Referring expression grounding data
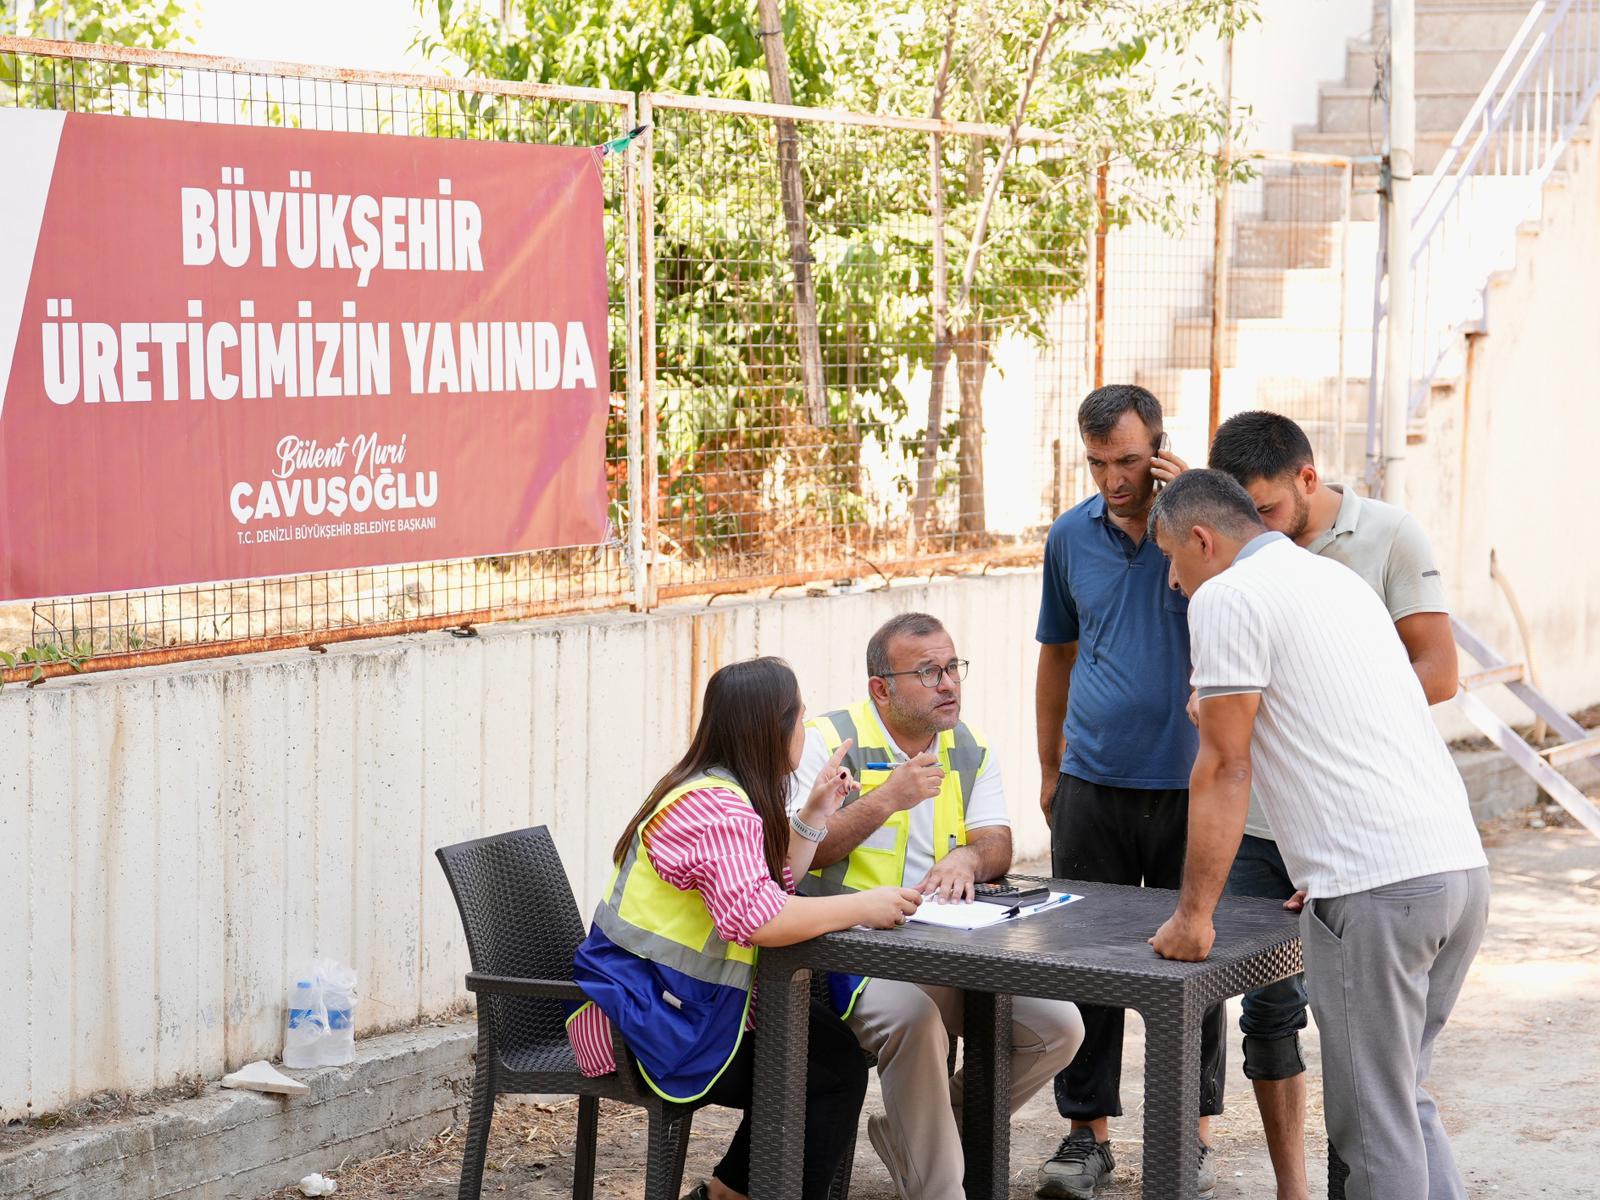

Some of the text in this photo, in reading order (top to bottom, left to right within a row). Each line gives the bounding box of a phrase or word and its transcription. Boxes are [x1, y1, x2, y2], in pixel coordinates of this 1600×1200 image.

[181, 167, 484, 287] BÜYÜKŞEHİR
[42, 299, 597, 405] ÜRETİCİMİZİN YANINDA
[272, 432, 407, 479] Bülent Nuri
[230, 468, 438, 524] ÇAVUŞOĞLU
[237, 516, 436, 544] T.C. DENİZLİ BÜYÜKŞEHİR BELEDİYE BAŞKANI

_WHAT YOU SHOULD DO_. Without the pictures, give back every record precisely as shown.

_RESPONSE TO THIS TASK_.
Some of the text in this photo, in reading order (top to bottom, left to right within a row). Each line gives the bounding box of a phrase or word and its transcription. Boxes are [x1, y1, x2, y2], in pixel coordinates of this 1600×1200 image.

[181, 167, 484, 287] BÜYÜKŞEHİR
[42, 299, 597, 405] ÜRETİCİMİZİN YANINDA
[272, 432, 407, 479] Bülent Nuri
[230, 468, 438, 524] ÇAVUŞOĞLU
[237, 516, 436, 544] T.C. DENİZLİ BÜYÜKŞEHİR BELEDİYE BAŞKANI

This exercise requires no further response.